Reproduce the full listing below exactly. Do not include the pictures.

+-------+

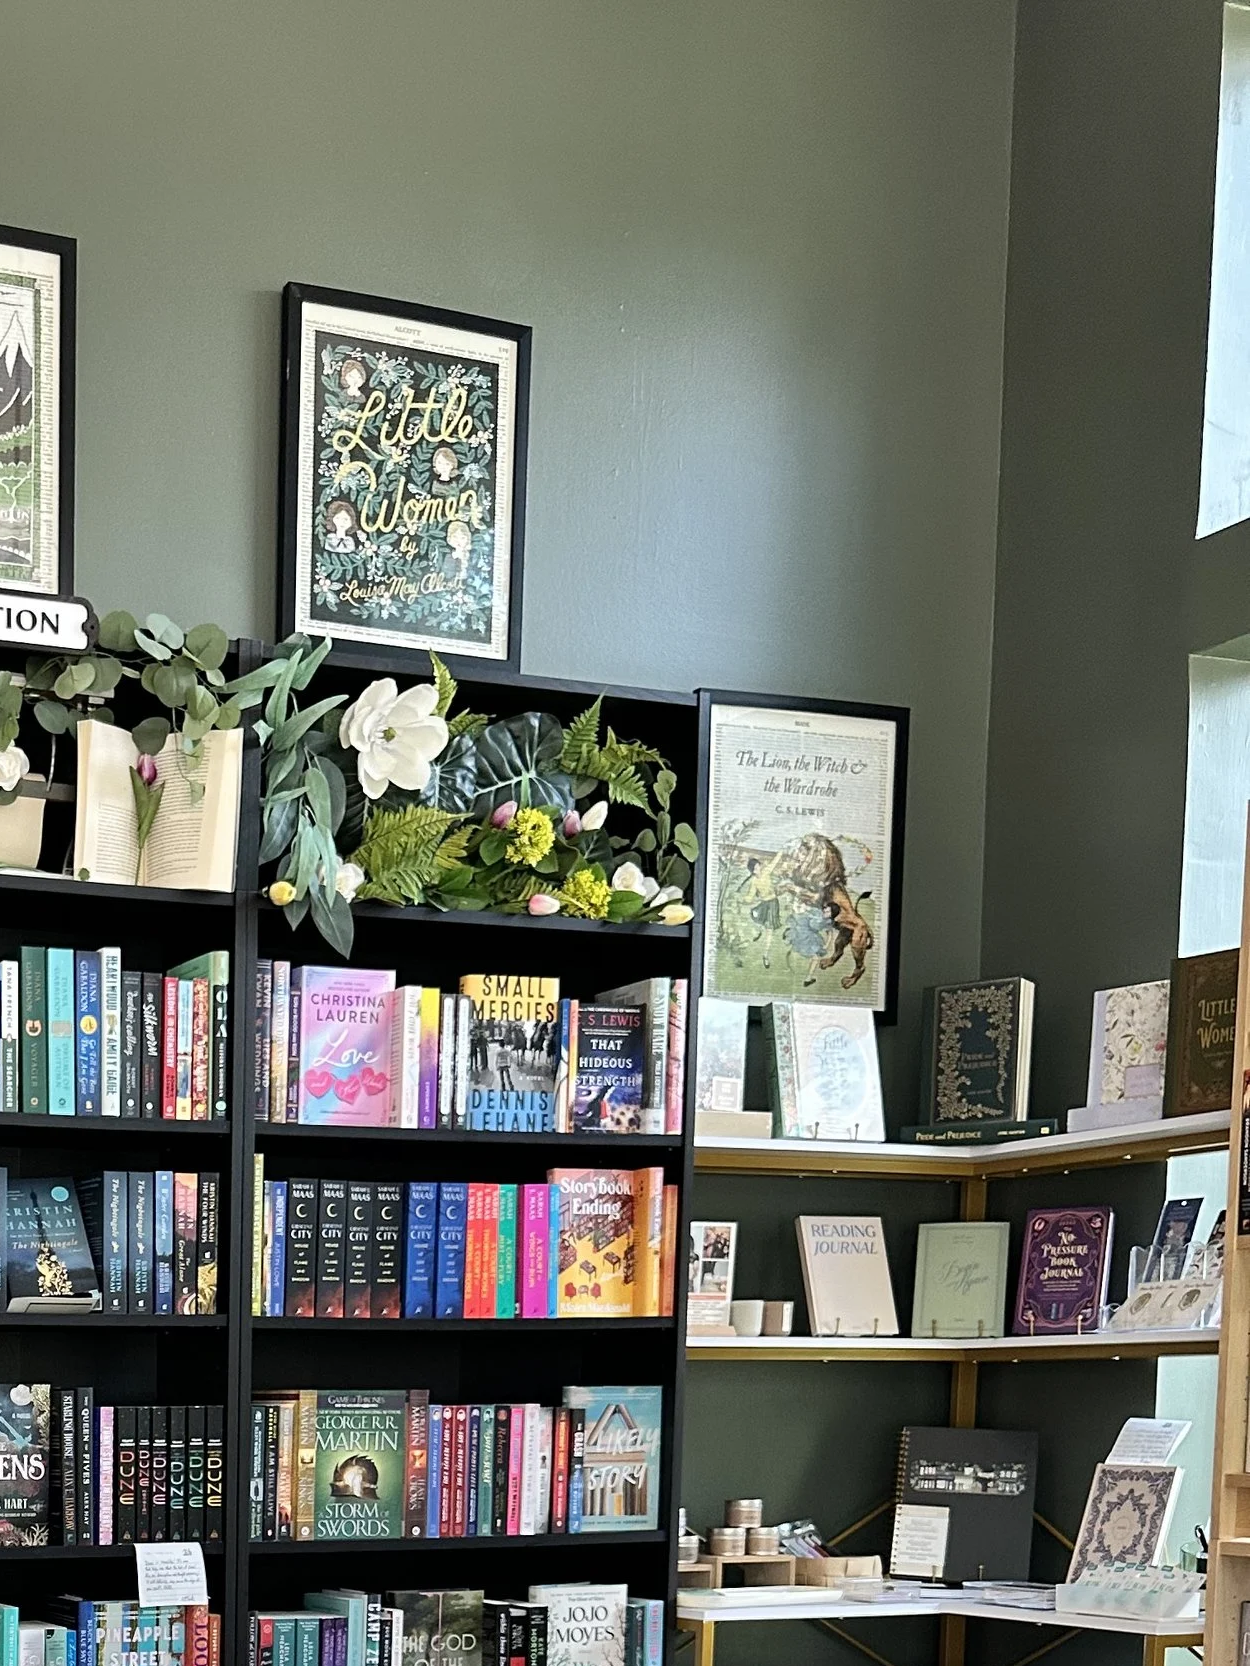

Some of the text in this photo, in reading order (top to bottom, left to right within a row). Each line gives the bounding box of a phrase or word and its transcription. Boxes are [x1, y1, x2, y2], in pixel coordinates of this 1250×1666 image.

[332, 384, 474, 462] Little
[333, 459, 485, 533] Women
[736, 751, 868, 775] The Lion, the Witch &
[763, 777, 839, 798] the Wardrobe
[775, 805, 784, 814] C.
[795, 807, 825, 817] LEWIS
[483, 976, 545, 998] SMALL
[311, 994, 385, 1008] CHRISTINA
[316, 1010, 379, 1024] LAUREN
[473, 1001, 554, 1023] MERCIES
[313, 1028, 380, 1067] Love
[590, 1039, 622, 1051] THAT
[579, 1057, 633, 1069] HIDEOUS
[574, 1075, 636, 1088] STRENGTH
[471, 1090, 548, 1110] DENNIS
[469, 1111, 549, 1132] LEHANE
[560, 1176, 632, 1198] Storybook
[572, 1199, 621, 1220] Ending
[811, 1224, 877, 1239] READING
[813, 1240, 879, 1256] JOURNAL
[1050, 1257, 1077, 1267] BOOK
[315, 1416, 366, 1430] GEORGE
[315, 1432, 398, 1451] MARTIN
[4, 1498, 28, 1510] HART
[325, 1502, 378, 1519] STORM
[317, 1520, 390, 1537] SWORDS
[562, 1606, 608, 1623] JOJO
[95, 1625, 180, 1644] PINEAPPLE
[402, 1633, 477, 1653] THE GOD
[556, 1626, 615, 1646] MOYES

+-------+

Task result
Some of the text in this photo, in reading order (top to bottom, left to right within a row). Each line gives the bounding box of a phrase or word and its transcription. Boxes are [x1, y1, x2, y2], in pixel coordinates of this 1250×1666 image.

[332, 384, 474, 462] Little
[333, 459, 485, 533] Women
[736, 751, 868, 775] The Lion, the Witch &
[763, 777, 839, 798] the Wardrobe
[775, 805, 784, 814] C.
[795, 807, 825, 817] LEWIS
[483, 976, 545, 998] SMALL
[311, 994, 385, 1008] CHRISTINA
[316, 1010, 379, 1024] LAUREN
[473, 1001, 554, 1023] MERCIES
[313, 1028, 380, 1067] Love
[590, 1039, 622, 1051] THAT
[579, 1057, 633, 1069] HIDEOUS
[574, 1075, 636, 1088] STRENGTH
[471, 1090, 548, 1110] DENNIS
[469, 1111, 549, 1132] LEHANE
[560, 1176, 632, 1198] Storybook
[572, 1199, 621, 1220] Ending
[811, 1224, 877, 1239] READING
[813, 1240, 879, 1256] JOURNAL
[1050, 1257, 1077, 1267] BOOK
[315, 1416, 366, 1430] GEORGE
[315, 1432, 398, 1451] MARTIN
[4, 1498, 28, 1510] HART
[325, 1502, 378, 1519] STORM
[317, 1520, 390, 1537] SWORDS
[562, 1606, 608, 1623] JOJO
[95, 1625, 180, 1644] PINEAPPLE
[402, 1633, 477, 1653] THE GOD
[556, 1626, 615, 1646] MOYES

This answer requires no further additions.